My last NYE passenger was a puker. He was also 13 yo and his brother and friend requested the trip for him. Lucky for him (and me), I had prepared for this by purchasing some nausea bags at CVS earlier in the day and stuffing those in the seat back pockets. I heard him, pulled out a bag and handed it to him with a warning that puking in the car comes with a $200 charge. He made it into the bag and left with a nice present!


----------



## SuperG (Nov 15, 2015)

Fauxknight said:


> Columbus was meh, too many drivers and close to zero surge until midnight. At midnight Uber implemented a fake 1.5x surge to smooth out the transition to peak time. Real surge did briefly go over 8x, but I got one 4.8x at best. Made half my money between midnight and 2am, overall haul was around $225 and $30 something in tips...I made $450+ last year.
> 
> Still I was expecting a bad night, so I did slightly better than expected.


How do you know that Uber implemented a fake 1.5x surge?


----------



## RockinEZ (Apr 29, 2015)

Fauxknight said:


> The entire city except the airport, which doesn't surge, was at precisely 1.5x instantly right around midnight while almost all drivers were still available. It was allowed to surge naturally after that, with some areas dropping out of surge and some spiking their surge multiplier. It's impossible for every one of the dozen plus sectors of the entire city to surge at the same rate at the same time.
> 
> It was odd enough that I went to get a SS of it, but was trumped by an incoming ping. I have my theories as to why they did it, keep drivers from logging out and to flatten initial midnight requests just a little.


Fake surge, Natural surge.... you made that stuff up.

The surge is Uber's way of moving drivers around. 
There is no fake or natural surge. It is just a tool for Uber to make sure they can separate the money from the people in the most efficient manner possible.

You will be less frustrated if you quit projecting a non existent business model on Uber.


----------



## RockinEZ (Apr 29, 2015)

HiFareLoRate said:


> I made over 2K driving Uber pool on a 9.61x surge. I drove for 9 hours, take it or leave it if you don't believe me.
> I don't have the justify with a screen shot, my status on this site are my credentials!


No you don't... this one is transparent.

Pretty much why real stories have a screenshot.


----------



## Muki (Oct 15, 2015)

uberpvd15 said:


> I have to agree that the 1.5x surge at midnight seemed rigged by Uber, instead of controlled by supply and demand. In Providence, at midnight the entire area immediately went to a 1.5x surge, but then increased based upon demand as it got closer to 1-2 AM.

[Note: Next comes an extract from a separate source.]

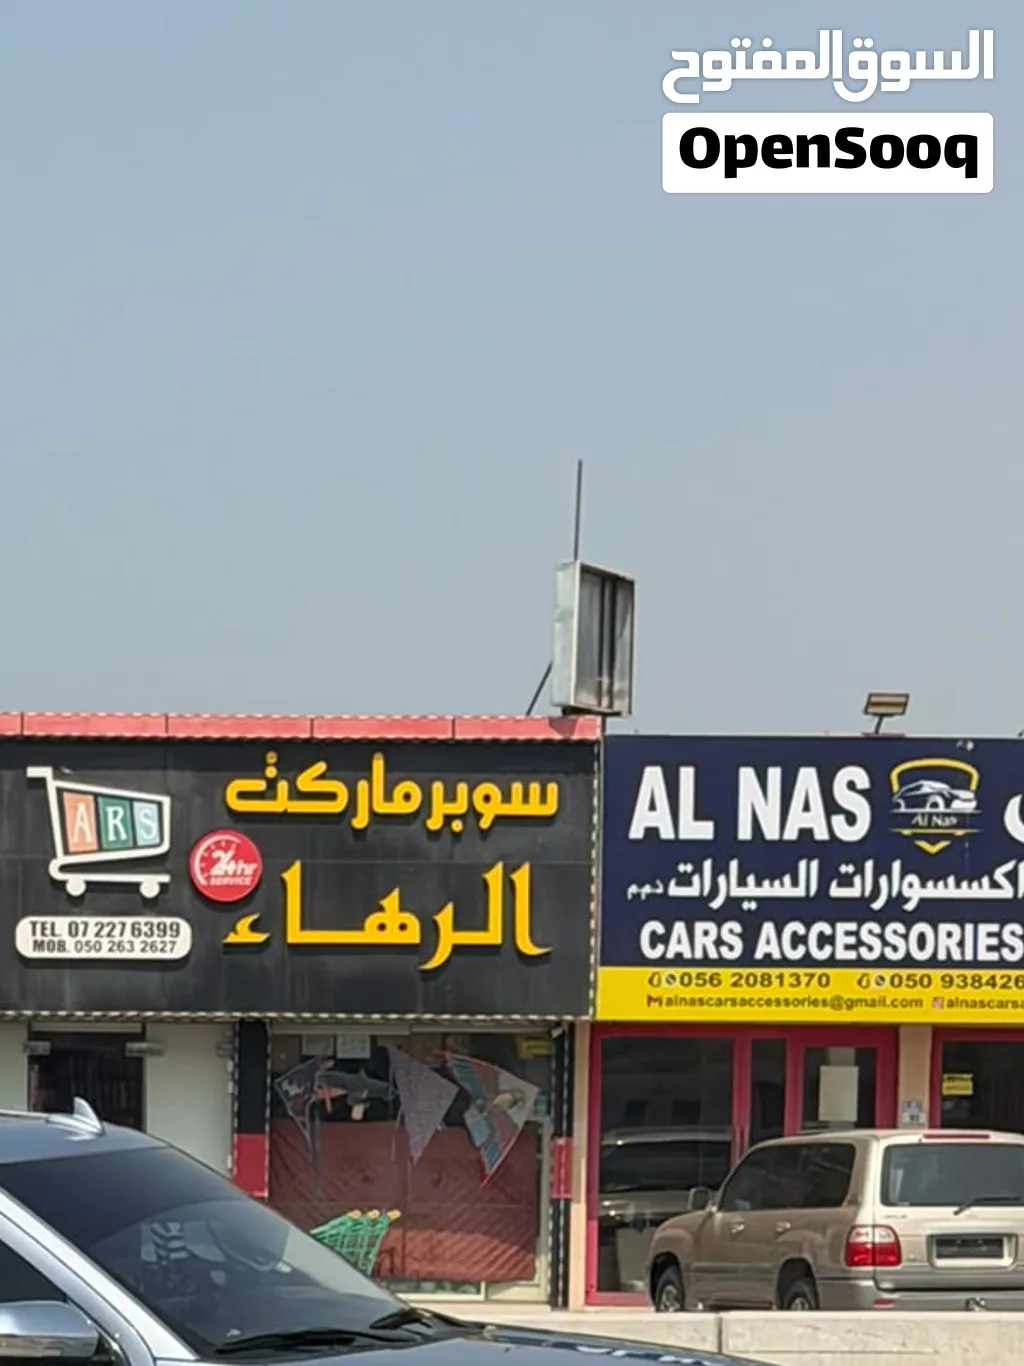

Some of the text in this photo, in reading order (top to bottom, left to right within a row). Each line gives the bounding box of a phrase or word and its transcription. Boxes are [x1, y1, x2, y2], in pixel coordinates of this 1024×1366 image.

I saw the same exact thing in Nashville. The surge was stuck at 2x everywhere right after midnight, then got higher into the night.


----------



## grams777 (Jun 13, 2014)

Muki said:


> I saw the same exact thing in Nashville. The surge was stuck at 2x everywhere right after midnight, then got higher into the night.


Like this:


----------



## UberPartnerDennis (Jun 21, 2015)

Bay Area California.....map was orange the whole night. Not one stinking surge and stacked pings. Opened passenger app and it said no uber x available in areas that were saturated with cars at midnight. 

Uber effed us bad and I am considering a lawyer after I opted out recently.


----------



## RockinEZ (Apr 29, 2015)

UberPartnerDennis said:


> Bay Area California.....map was orange the whole night. Not one stinking surge and stacked pings. Opened passenger app and it said no uber x available in areas that were saturated with cars at midnight.
> 
> Uber effed us bad and I am considering a lawyer after I opted out recently.


What would the basis of your complaint be?


----------



## JSM0713 (Apr 25, 2015)

I had close to $400 for 5 hours.... Plus in the AM I worked a few hours and pulled in another $100. Before expenses, I made about $500 for 8 hours work on NYE.... I am not complaining. I was exhausted by 12:30am and could have done way more if I stuck it out. Fatigue got the best of me....


----------



## AlexDrag (Nov 9, 2015)

Yeah, it was pretty good.


----------



## ubergordo (Nov 23, 2015)

Davetripd said:


> Had a great night, averaged over $100/hr after midnight. Everyone was really nice and it was a fun couple hours. Quit when surge went down to "only" 2.2. Hope tonight didn't spoil me, I would hate to sound like all the grinches around here ;-)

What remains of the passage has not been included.